The Ministry’s present approach to literature is to use the works as a
variety-pack of advanced reading ‘comprehension’ passages accompanied
by the often obfuscating HOTS exercises in misdirected pedagogy.  At
best, this is a real waste of the literary material – there are so
many wonderfully badly-written and nearly totally incomprehensible
academic articles that students could practice on (and should, since
they may well be facing them in university) – and at worst, the
process could ‘turn off’ even Native-speakers from ever wanting to
read literature again. Not to mention the fact that, in addition to
teacher and student work overload, the program, as currently
conceived, isn’t really succeeding in its presumably avowed goal of
improving writing skills. Having students write seven or eight pieces
while only carefully checking and correcting two really doesn’t do
much except offer an additional six possibilities for the students to
continue the making their same mistakes and further entrenching bad
habits. Better short assignments given to small sections of the
classes at staggered intervals than making the students write, all at
the same time, relatively long essays which are often so filled with
mistakes that the corrective tasks become daunting, if not impossible.
 (I won’t even bother to speak about the issues connected to internet
usage.)

However, instead of merely caviling, I would like, instead, to offer a
genuine rationale for studying literature:

I don’t think it can be disputed that the true purpose of studying
literature is to learn to appreciate it; and not, as the Ministry
seems to think, to merely ‘understand’ it as a vehicle for teaching
analytical techniques and concepts that should have been taught, in
Hebrew, in the fourth, fifth and sixth grades.

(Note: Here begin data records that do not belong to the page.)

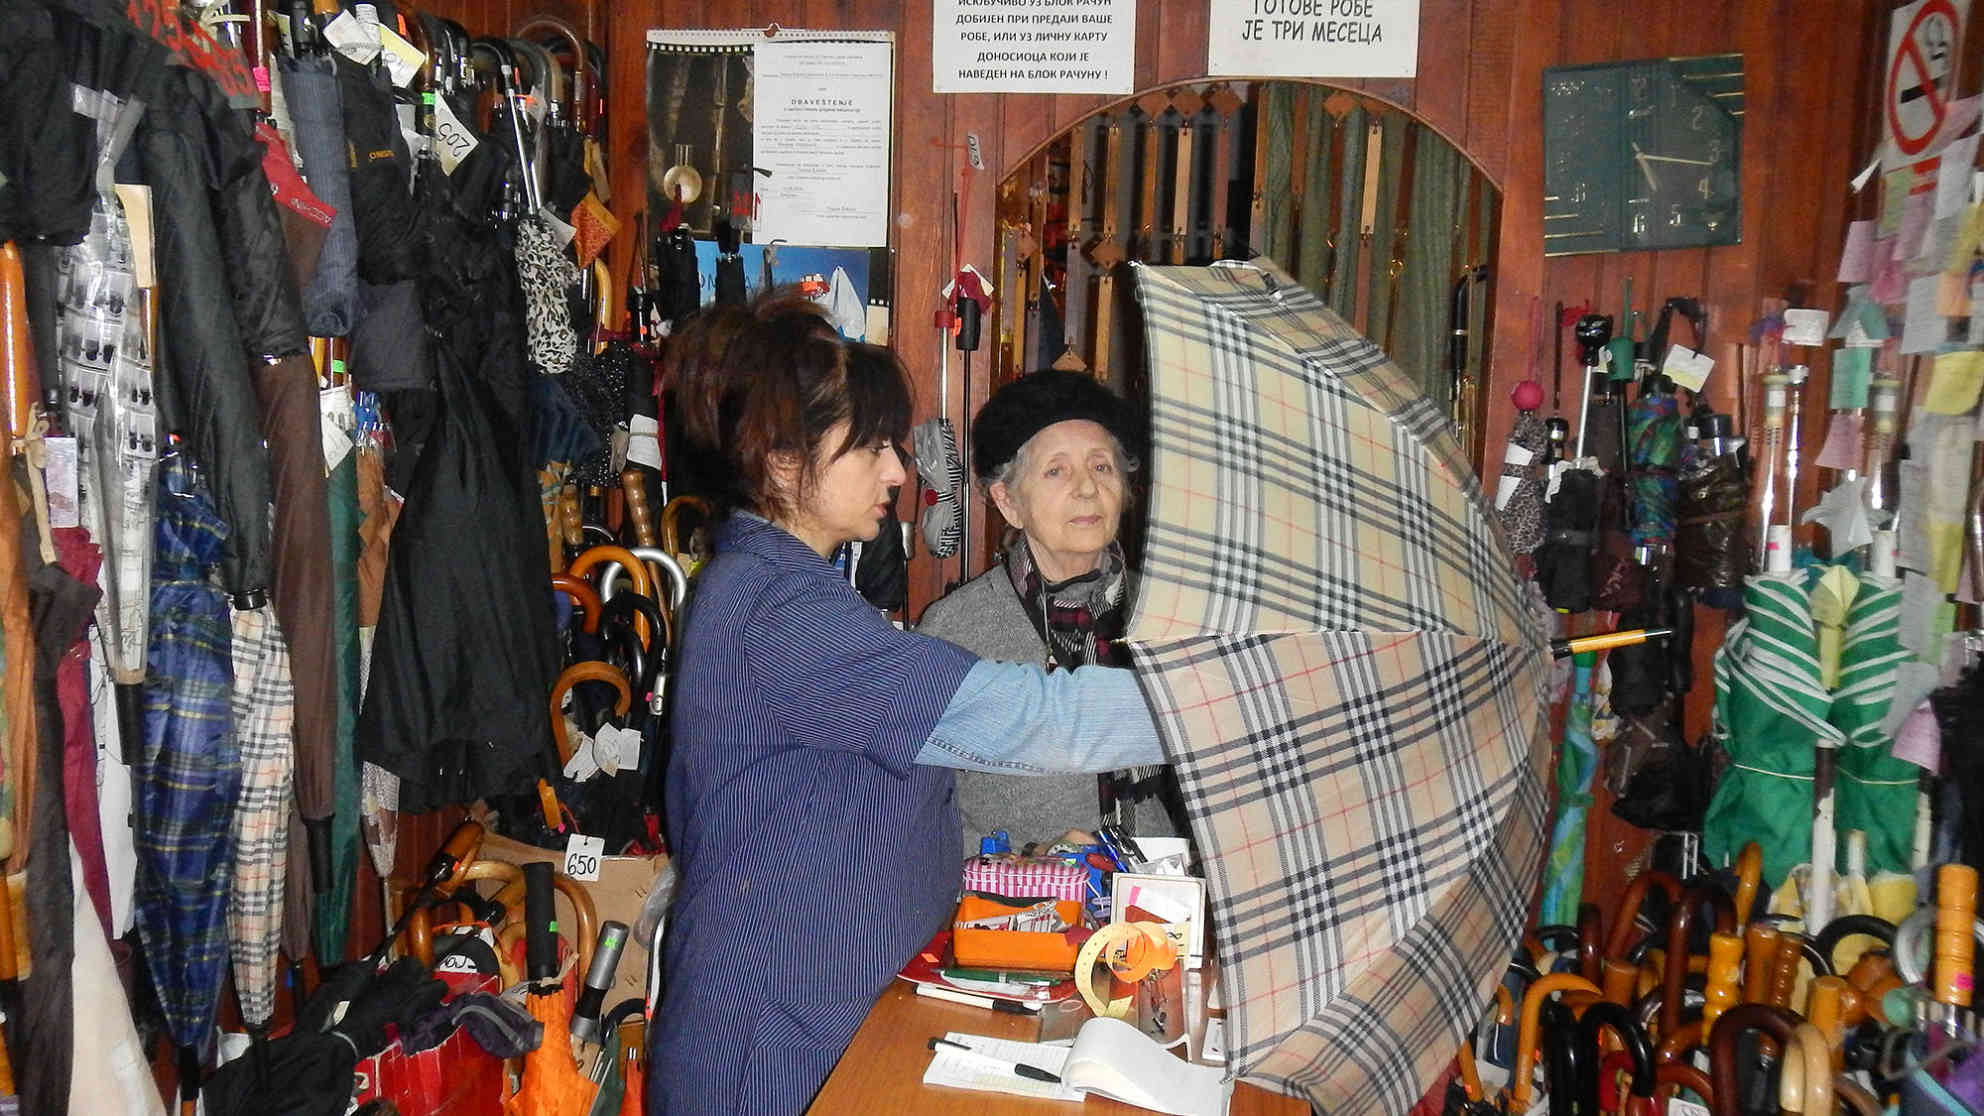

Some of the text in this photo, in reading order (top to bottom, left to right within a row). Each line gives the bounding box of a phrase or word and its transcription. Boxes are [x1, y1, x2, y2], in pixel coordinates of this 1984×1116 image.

[956, 15, 1112, 24] ДОБИЈЕН ПРИ ПРЕДАЈИ ВАШЕ
[961, 32, 1107, 42] РОБЕ, ИЛИ УЗ ЛИЧНУ КАРТУ
[1242, 19, 1383, 45] ЈЕ ТРИ МЕСЕЦА
[977, 52, 1089, 63] ДОНОСИОЦА КОЈИ ЈЕ
[959, 69, 1007, 80] НАВЕДЕН
[1010, 70, 1025, 79] НА
[1028, 70, 1056, 79] БЛОК
[1060, 70, 1101, 79] РАЧУНУ
[567, 853, 597, 875] 650
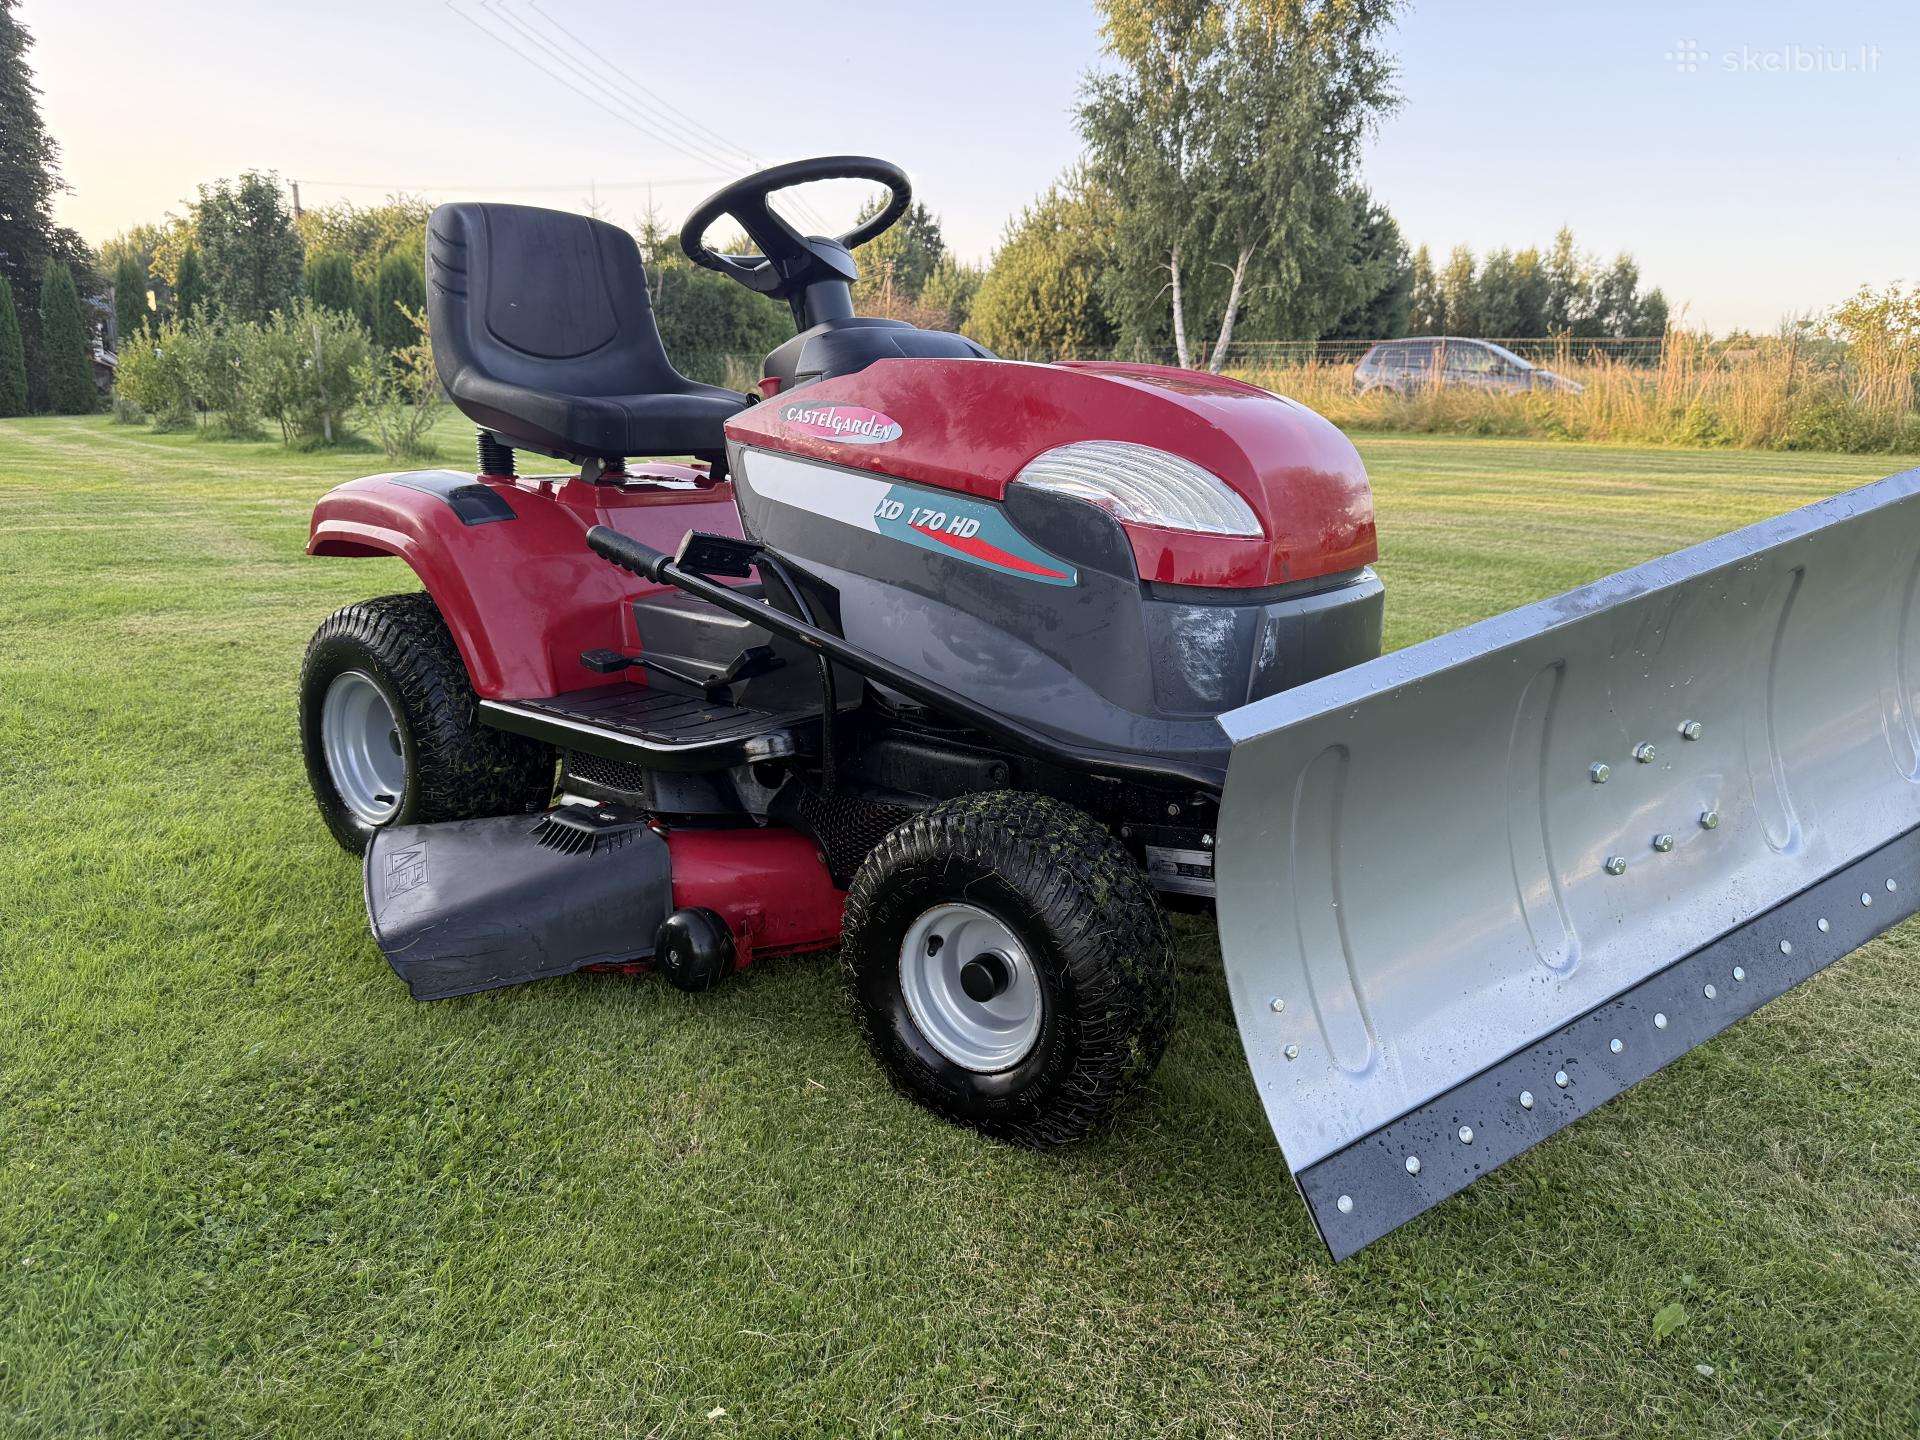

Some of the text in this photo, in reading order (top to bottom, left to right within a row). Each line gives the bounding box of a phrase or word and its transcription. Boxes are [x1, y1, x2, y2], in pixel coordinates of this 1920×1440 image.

To ‘appreciate’: the which (to use an old-fashioned construct) means
examining a work, not just for its story line or ‘correct’ moral
implications or – Heaven help us – its ‘suitability’ for a particular
political program, but for how it is ‘put together’ as the artist’s
exercise in linguistic proficiency and mastery. After all, when we
examine great literature – and why, by the way, should we be offering
our students anything but the very best? – what truly thrills us and
helps us understand the meaning of  literary greatness and genius is
the discovery and exploration of how the writer – regardless of genre
– uses and manipulates the language: not only to tell a story or
express ideas, but to create images, elicit and involve our
imaginations and evoke and control our emotions and reactions. In
short, it is the process of teaching the appreciation of literature
that focuses on and improves the students’ linguistic skills; even as
it demonstrates the mastery, artistry and yes, the playfulness to be
found – forgive the hyperbole – in that ‘wondrous thing that is
language.’

You want to teach literature? Then really examine it:  What kind and
level of language is the writer working in? Do the sentences have a
rhythm even as prose? Are they imagistic and metaphoric or are they
lacking in color? Are they structurally and syntactically
straight-forward and clear, or are they complex and puzzling? Does,
and if so, how does the author’s use of language help us infer a
different level of content? Does the level of language and vocabulary
effect the presentation and development of the characters? Is our
interest piqued from the outset? Are we surprised, intrigued,
attracted, repelled, amused, moved, involved?  Could we say the same
thing differently (how? give an example) and would it be a gain or a
loss…and why?

How does the opening paragraph, or the first stanza, or the first
dialogue exchange prepare us for what comes next? What about the next
paragraph/stanza/scene? Are there similarities to the first lines?  If
so, and we see that the writer consistently writes this way, could we
call this the writer’s ‘style’? (Patterns anyone? Comparisons and
contrasts anyone?)

Why do we laugh? Is it at the situation described, or at the words
used to describe it? Does the writer use language ironically? Does the
author reveal his/her attitude to the characters?  Are we meant to
laugh with or at the characters? Do we like them? Do they arouse our
sympathy, compassion, contempt, etc.?

Why is poetry considered by many to be the highest form of literature?
What makes a piece of writing poetry? What are the differences between
poetry and song…between poetry and prose? Where is the music in
poetry? What does rhyme do for us?  Let’s see how easy or hard it is
to write a coherent description or thought in rhymed couplets, or in
an fixed pattern of a,b,a,b. (We could even try alliteration.) Let’s
really apply our understanding of parts of speech and replace the
nonsense words in “The Jabberwocky ”. How many different levels of
meanings has the poet implied by his choice of words? How do the
changes in standard sentence structure and syntax affect our
understanding? etc., etc., etc., etc…

I have not attempted to organize or order the above questions
coherently, but it should be obvious that these are some of the kinds
of questions and explorations that raise and expand a student’s level
and mastery of the language; even as the search for answers can
inspire appreciation and even awe. This is teaching language and
language skills in context. This is what demands and trains
recognition of patterns. This is what can provide recognition of the
multiplicity of the different meanings of a word…and so on, and so
forth.

As to the matriculation exams, I contend that any student who learns
to ask and answer even a portion of such questions will have no
problem passing even the old-fashioned, one- exam-fits-all.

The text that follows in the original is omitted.